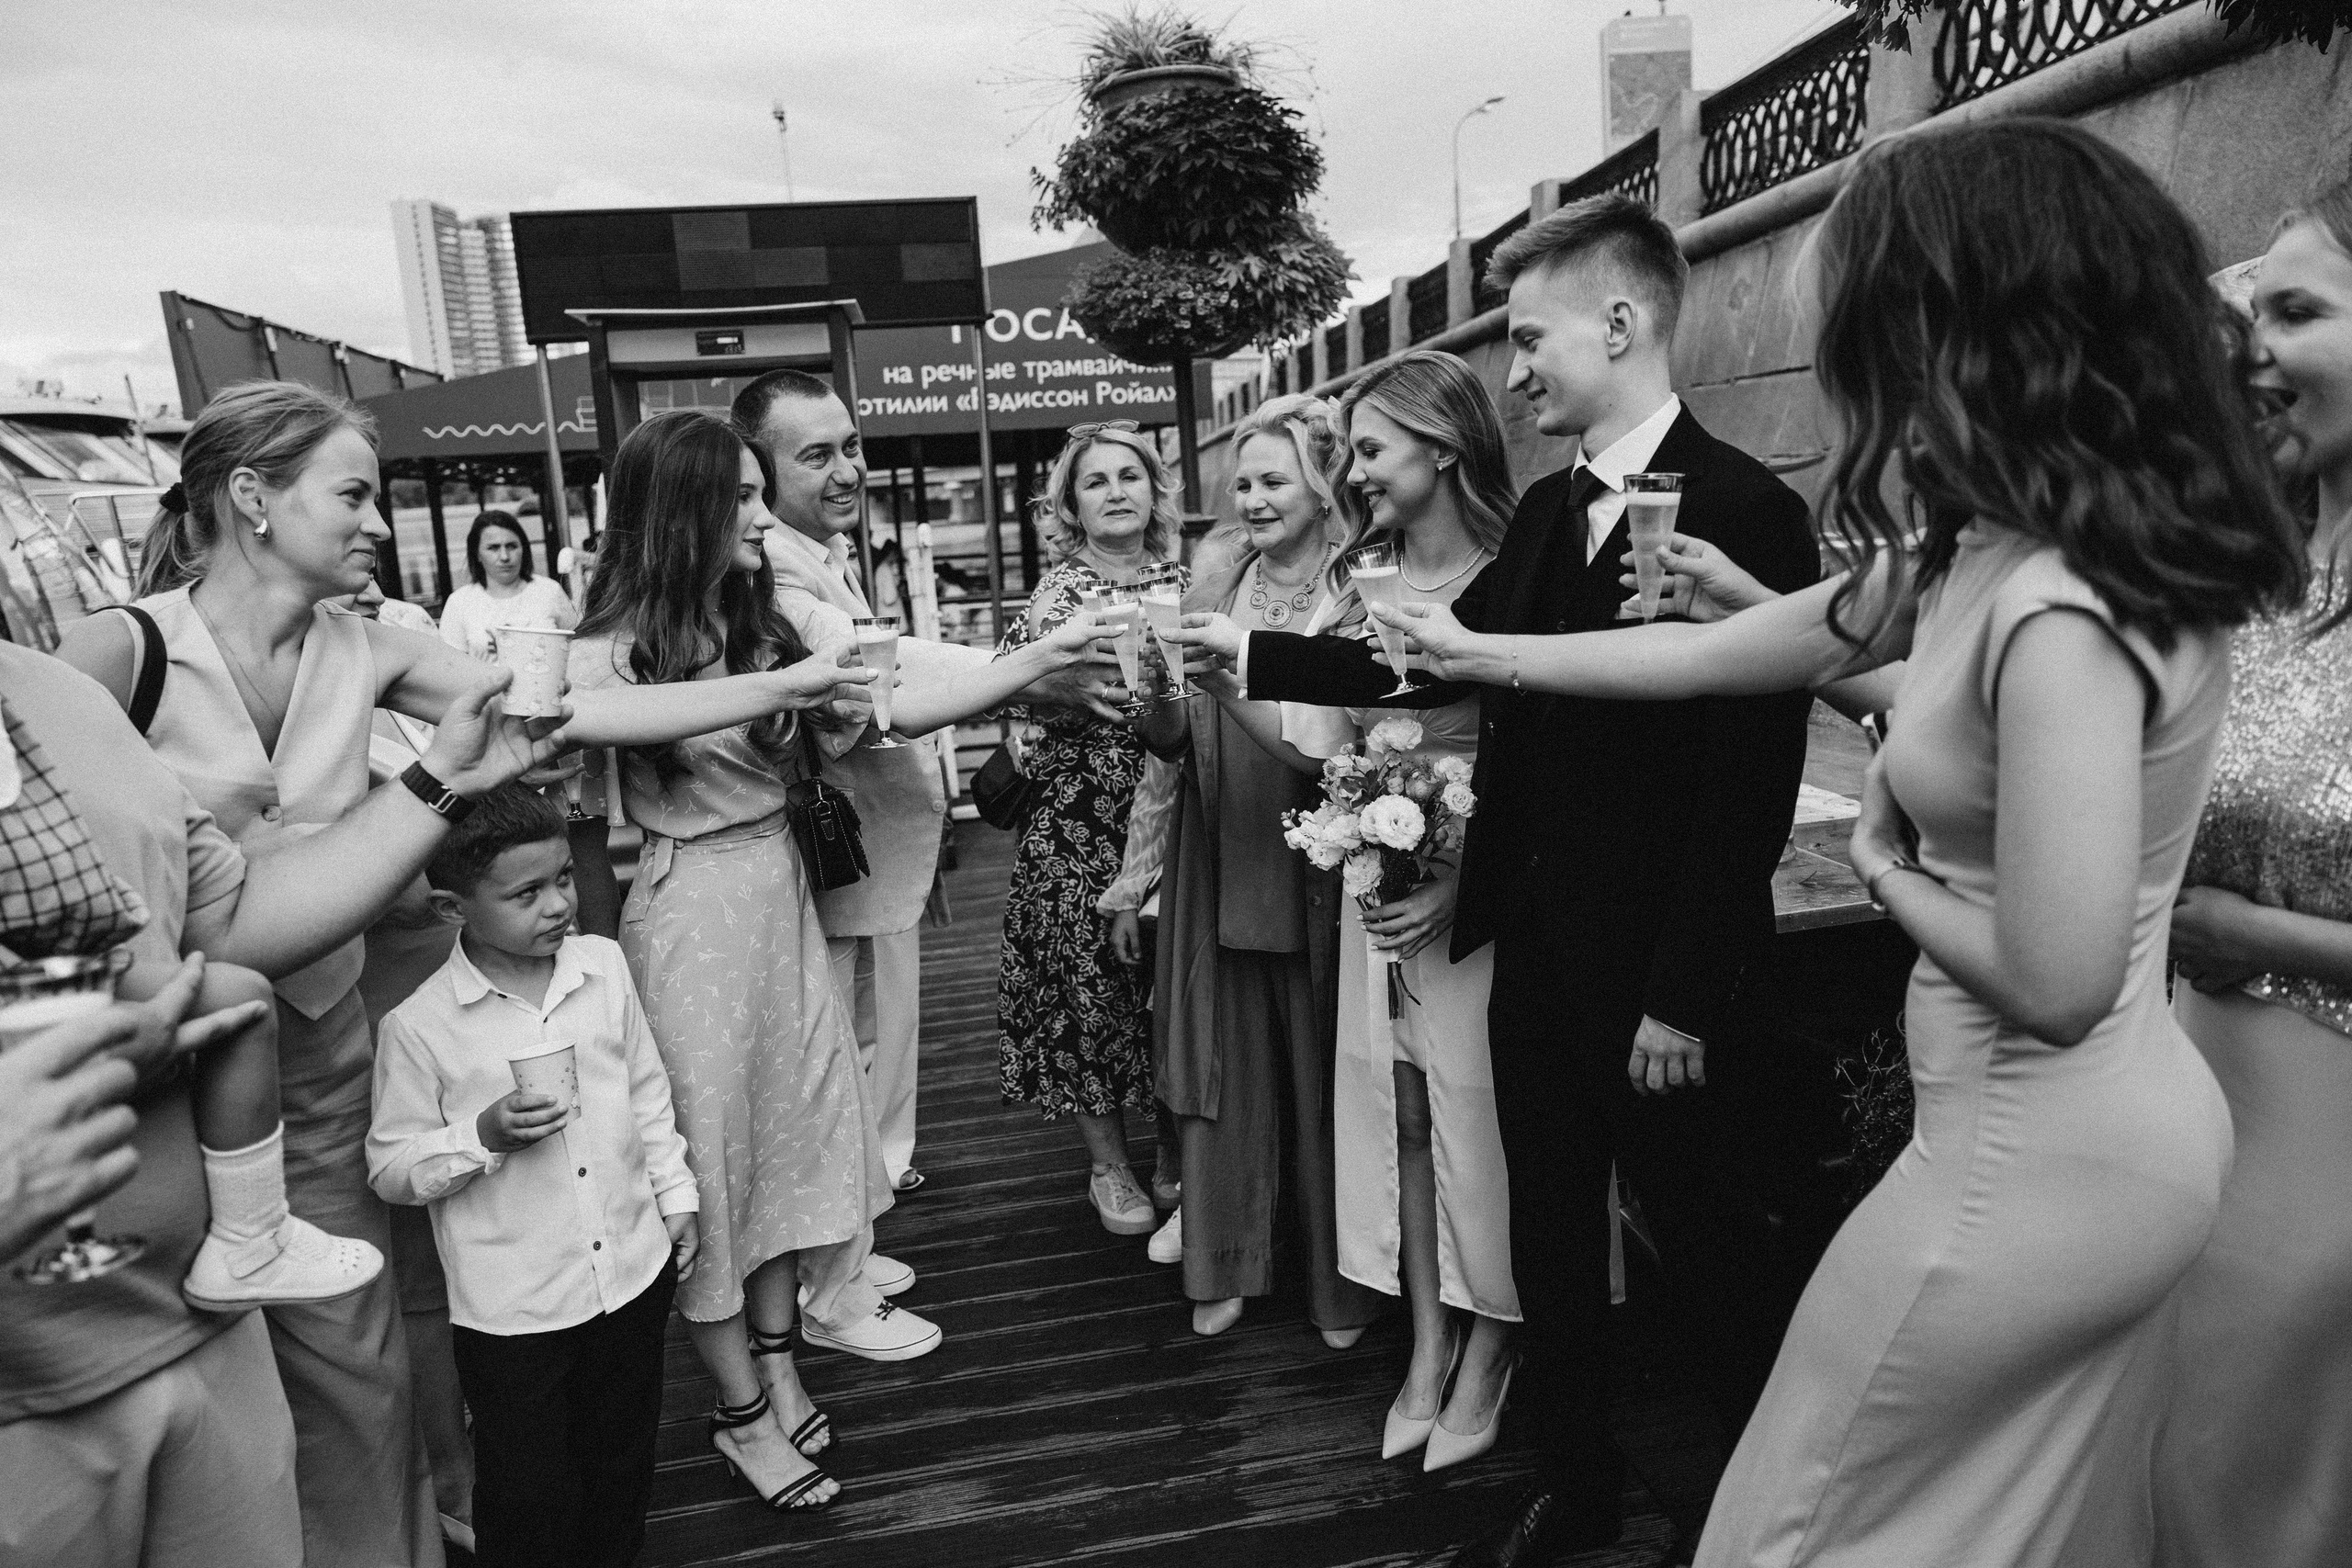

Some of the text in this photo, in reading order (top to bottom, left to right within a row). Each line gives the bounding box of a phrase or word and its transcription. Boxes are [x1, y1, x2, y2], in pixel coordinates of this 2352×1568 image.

[951, 307, 1096, 344] ОСА
[883, 366, 914, 384] на
[856, 395, 949, 416] отилии
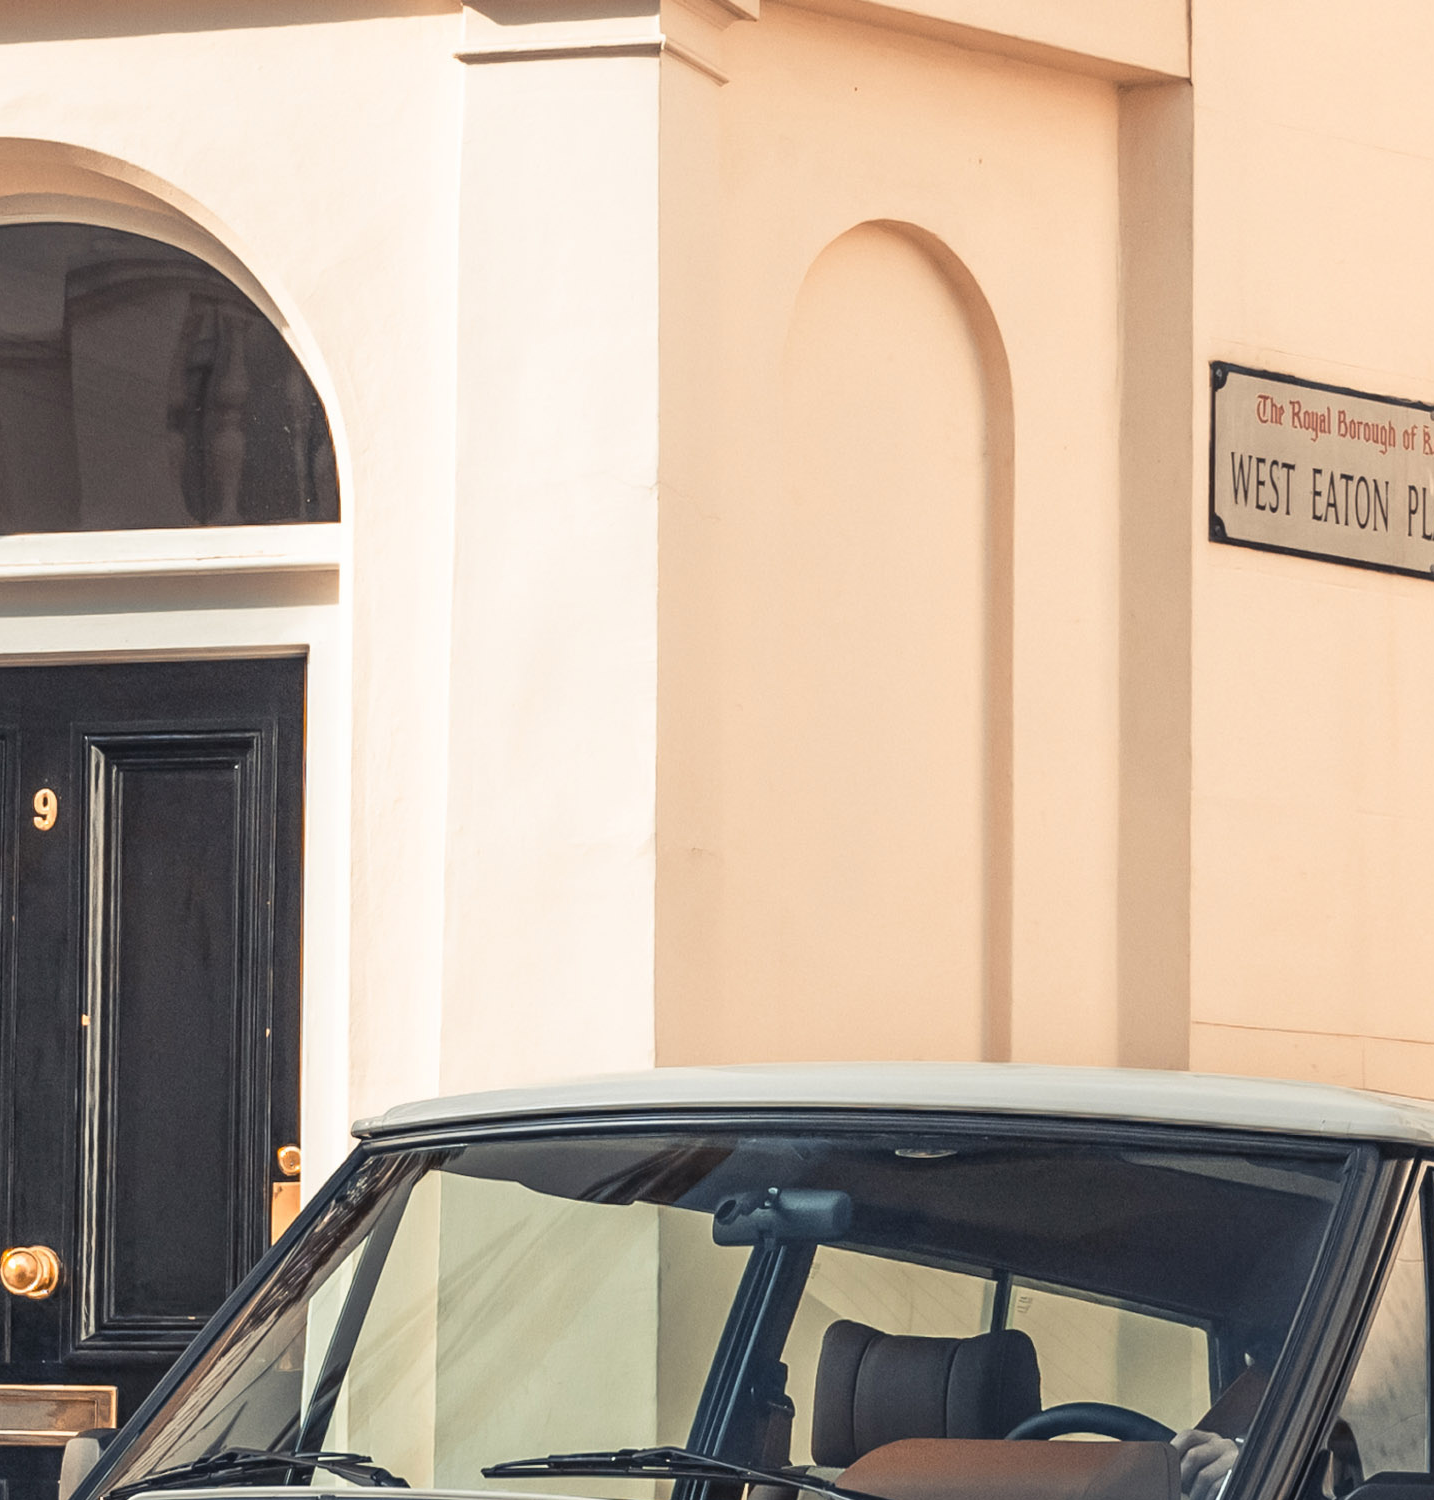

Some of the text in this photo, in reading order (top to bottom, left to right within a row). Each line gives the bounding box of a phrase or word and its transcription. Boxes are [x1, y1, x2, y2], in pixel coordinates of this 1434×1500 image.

[1257, 394, 1285, 425] The
[1290, 401, 1332, 442] Royal
[1337, 410, 1396, 454] Borough
[1402, 425, 1418, 451] of
[1230, 451, 1296, 516] WEST
[1311, 468, 1390, 532] EATON
[33, 787, 58, 831] 9
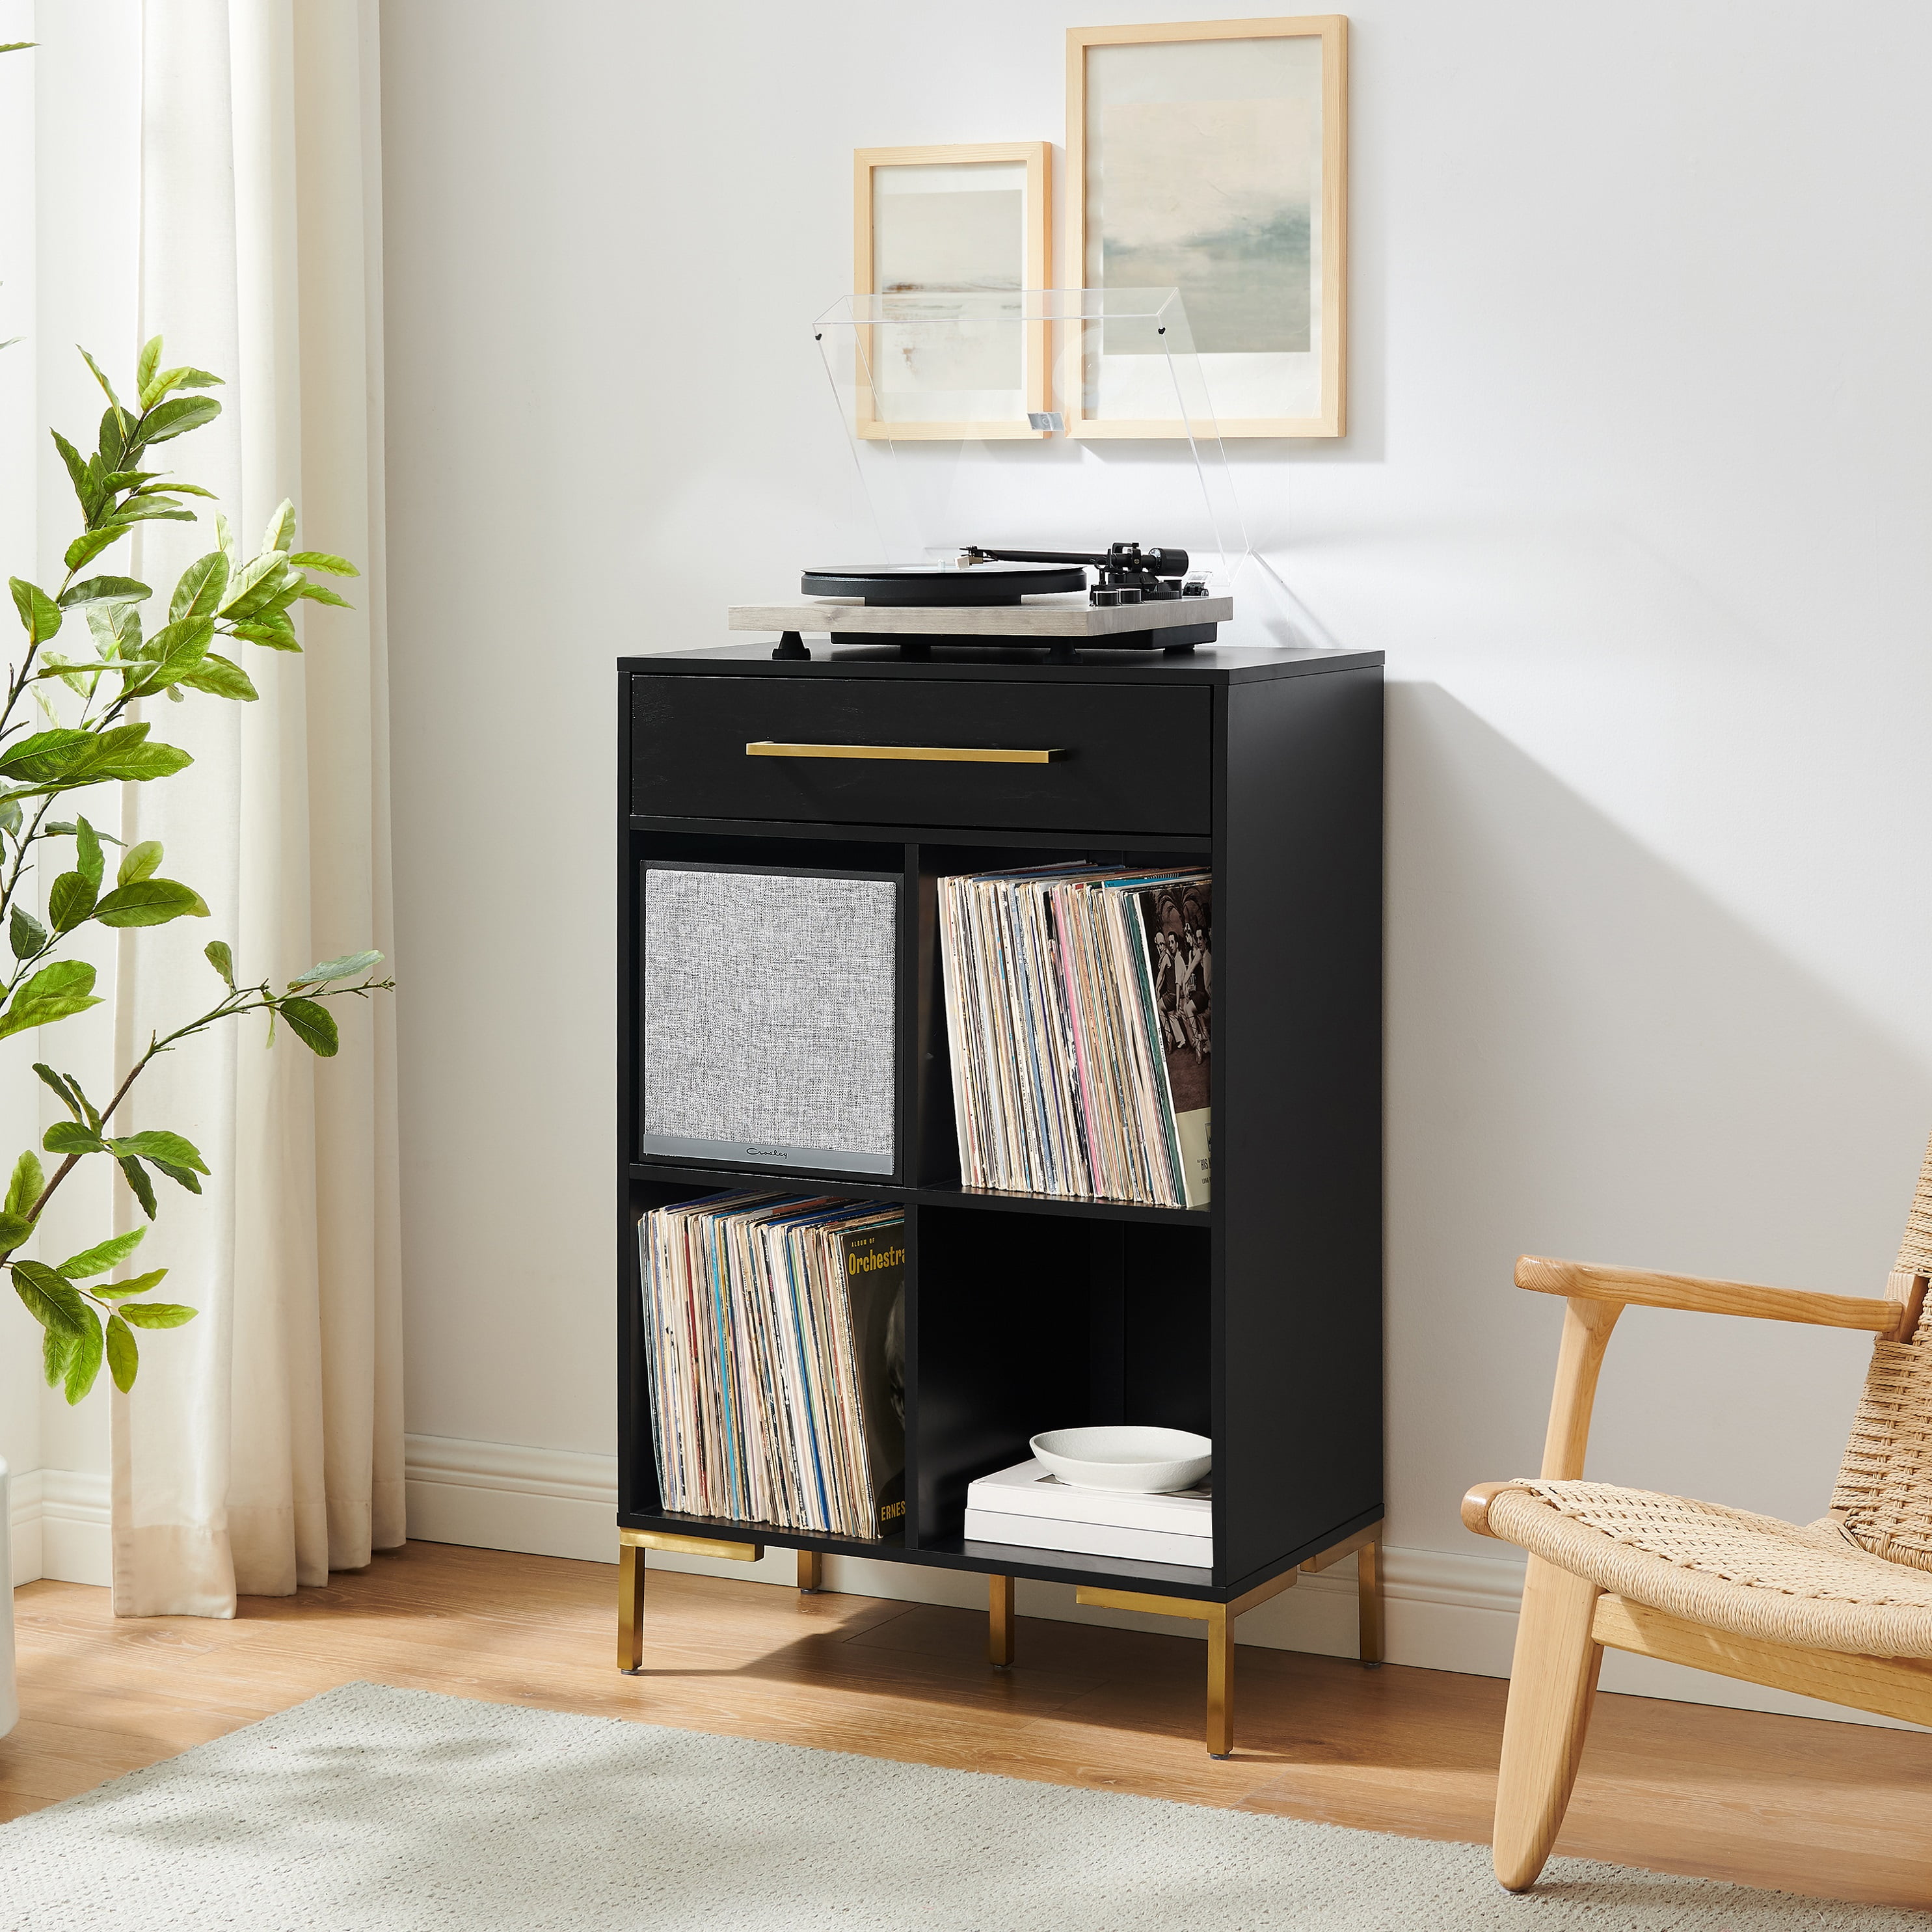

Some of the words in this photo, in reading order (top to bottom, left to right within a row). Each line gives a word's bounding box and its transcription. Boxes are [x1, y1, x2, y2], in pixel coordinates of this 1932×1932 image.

[746, 1147, 787, 1159] Crosley
[851, 1239, 867, 1248] ALBUM
[881, 1500, 906, 1522] ERNES
****
## Exercise directions
Copy out the material above in full and exactly; its pictures are not to appear.

## Written response
Some of the text in this photo, in reading order (top to bottom, left to right within a row). Each line gives the bounding box of a phrase or word and its transcription. Boxes are [x1, y1, x2, y2], in pixel coordinates of this 2352×1568 image.

[951, 307, 1096, 344] ОСА
[883, 366, 914, 384] на
[856, 395, 949, 416] отилии

Some of the text in this photo, in reading order (top to bottom, left to right within a row). Each line gives the bounding box of a phrase or word and its transcription. Boxes are [x1, y1, x2, y2], in pixel coordinates of this 1434×1500 image.

[1257, 394, 1285, 425] The
[1290, 401, 1332, 442] Royal
[1337, 410, 1396, 454] Borough
[1402, 425, 1418, 451] of
[1230, 451, 1296, 516] WEST
[1311, 468, 1390, 532] EATON
[33, 787, 58, 831] 9

Some of the words in this photo, in reading order (top to bottom, left to right within a row). Each line gives a word's bounding box and its transcription. Boxes are [x1, y1, x2, y2], in pixel coordinates of this 1932×1932 image.

[746, 1147, 787, 1159] Crosley
[851, 1239, 867, 1248] ALBUM
[881, 1500, 906, 1522] ERNES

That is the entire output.